La production de pétrole des pays de l’Organisation des pays exportateurs de pétrole (OPEP) a de nouveau baissé en juillet, en raison notamment d’un net ralentissement en Arabie saoudite, a indiqué l’Organisation dans son rapport mensuel publié hier. Riyad a ainsi vu sa production reculer de 134 000 barils par jour (b/j) entre juillet et juin, pour s’établir à 9,698 millions b/j.

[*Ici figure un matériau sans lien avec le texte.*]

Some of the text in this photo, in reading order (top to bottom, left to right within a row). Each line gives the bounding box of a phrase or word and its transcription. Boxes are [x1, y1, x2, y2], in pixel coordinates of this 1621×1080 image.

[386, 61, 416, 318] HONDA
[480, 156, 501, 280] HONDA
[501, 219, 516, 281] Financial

Parmi les autres membres de l’OPEP, la production a poursuivi son érosion en Iran (-47 000 b/j), touché par le rétablissement de lourdes sanctions économiques depuis le retrait des États-Unis de l’accord international sur le nucléaire iranien. Elle a en revanche progressé en Irak (+32 000 b/j) et en Algérie (+22 000 b/j). Au total, la production d’or noir de l’OPEP a baissé de 246 000 b/j en un mois pour s’établir à 29,6 millions b/j.

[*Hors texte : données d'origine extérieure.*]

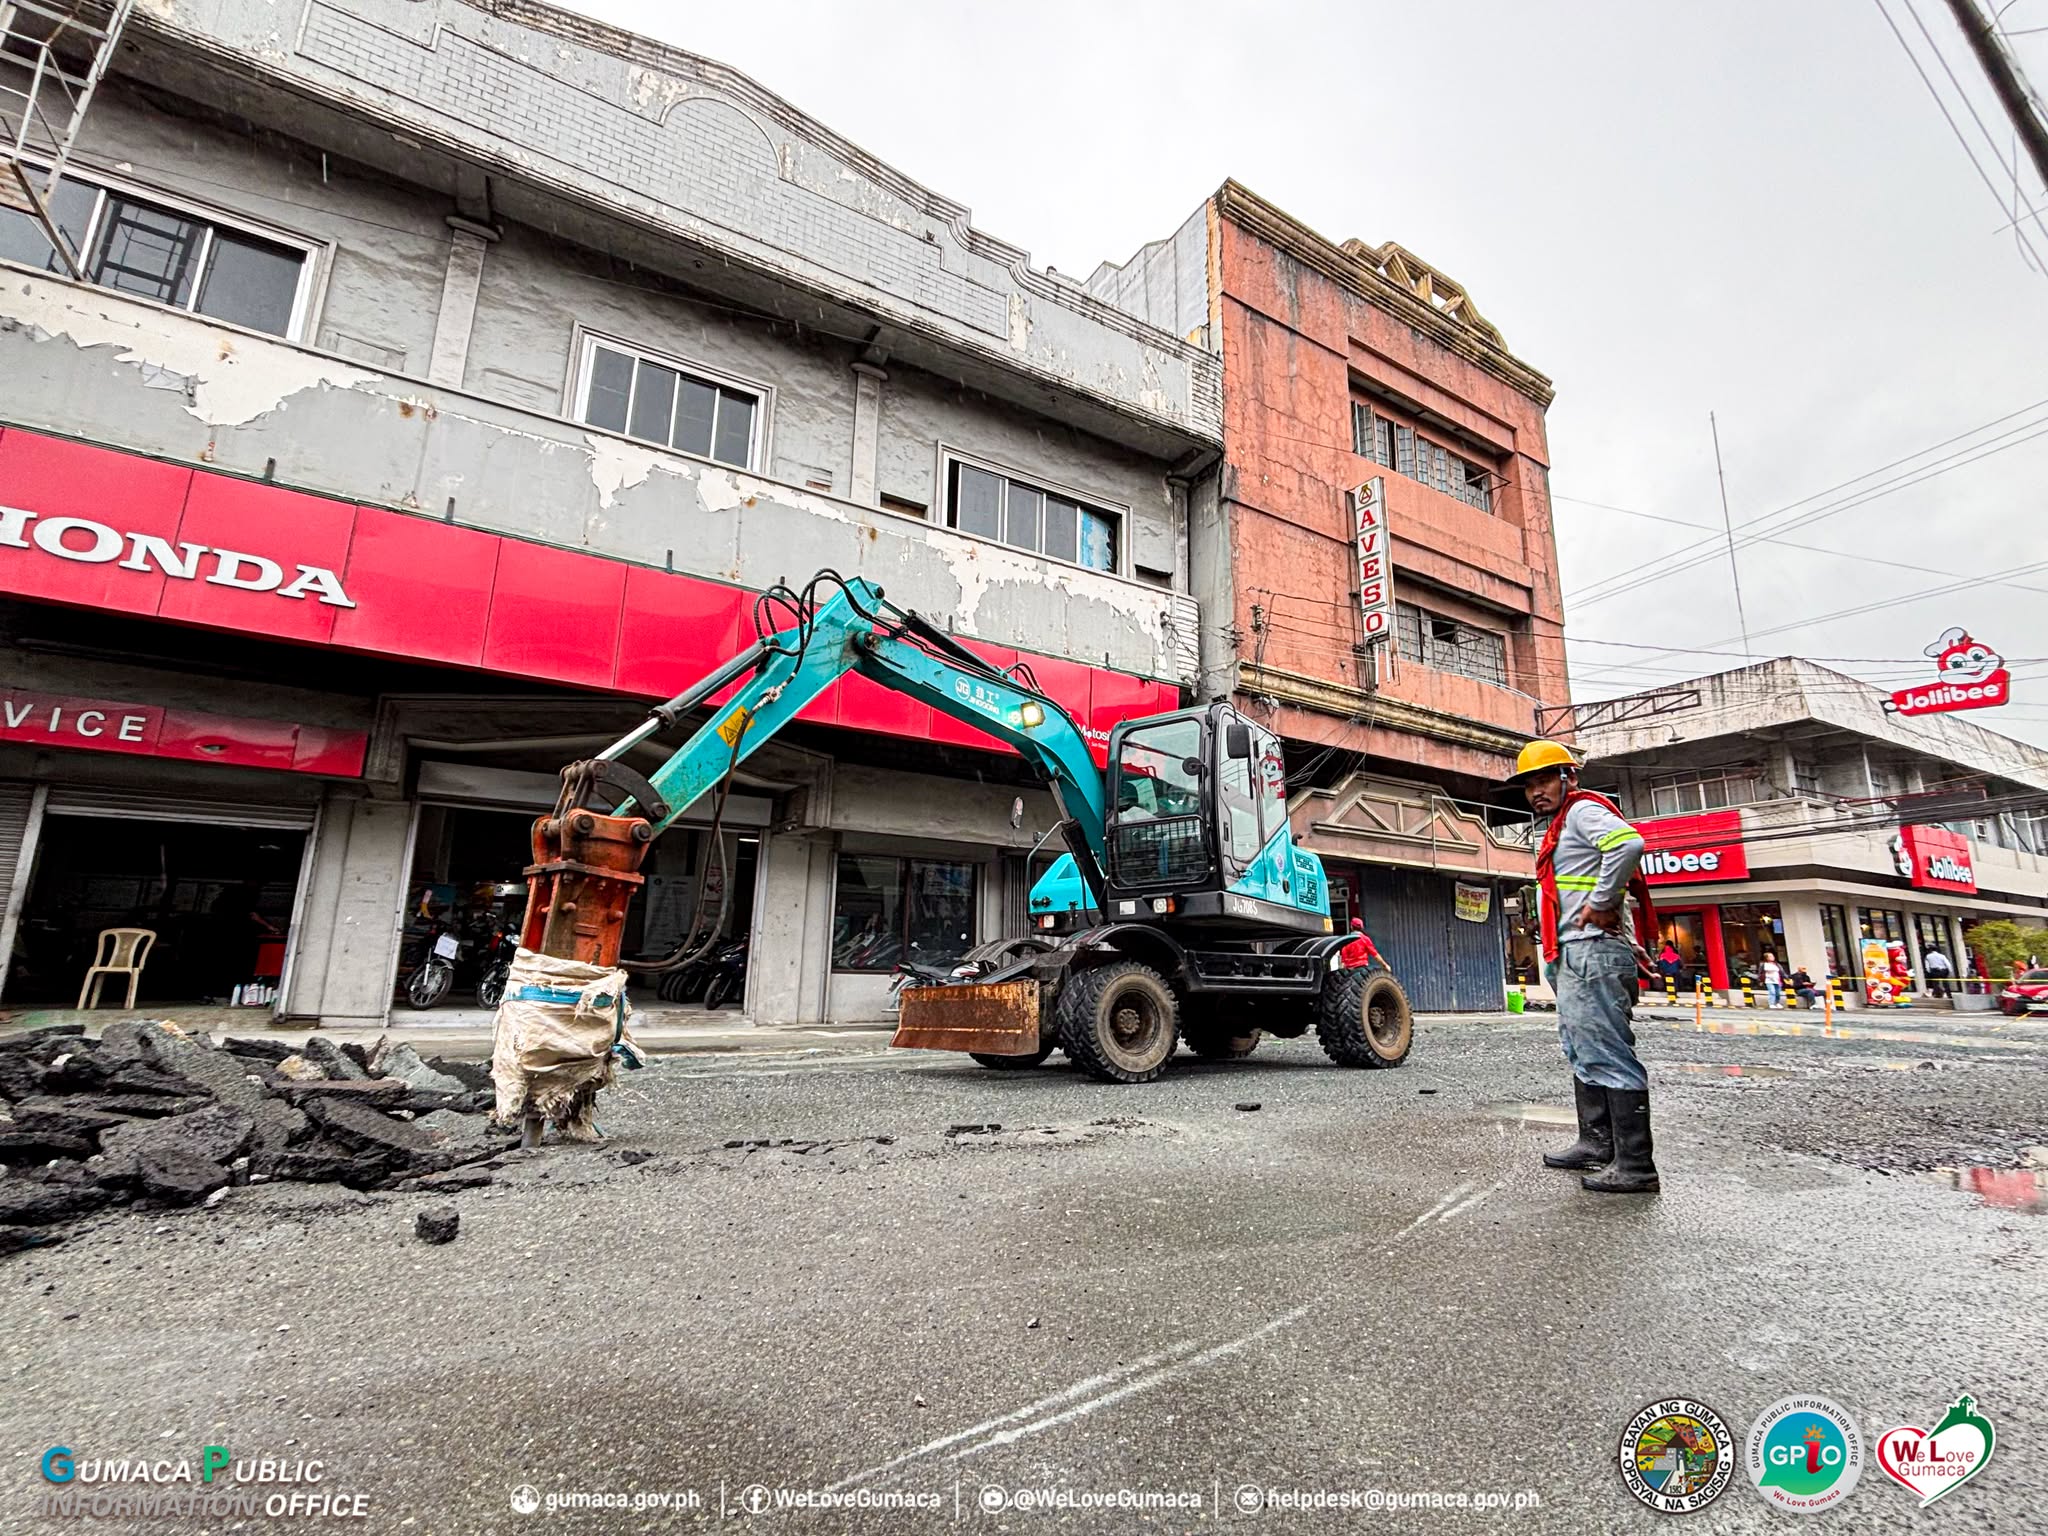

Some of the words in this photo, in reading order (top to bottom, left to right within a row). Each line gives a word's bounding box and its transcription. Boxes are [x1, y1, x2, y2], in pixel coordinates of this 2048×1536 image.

[1360, 509, 1383, 633] AVESO
[1898, 684, 1999, 710] Jollibee
[1926, 855, 1973, 883] Jollibee

Les 24 pays de l’OPEP et leurs 10 alliés du groupe dit OPEP+, dont la Russie, sont engagés depuis 2016 dans une limitation volontaire de leur production afin de soutenir les cours, dans un contexte de ralentissement de la croissance économique mondiale. Réunis à Vienne début juillet, ils ont reconduit pour neuf mois leur accord visant à réduire leur offre cumulée de 1,2 million de barils par jour (mbj) par rapport à octobre 2018.
Dans son rapport hier, l’OPEP a par ailleurs légèrement revu à la baisse l’estimation de la croissance de la demande mondiale en 2019 – notamment en raison des tensions commerciales sino-américaines –, tout en maintenant sa projection inchangée pour 2020.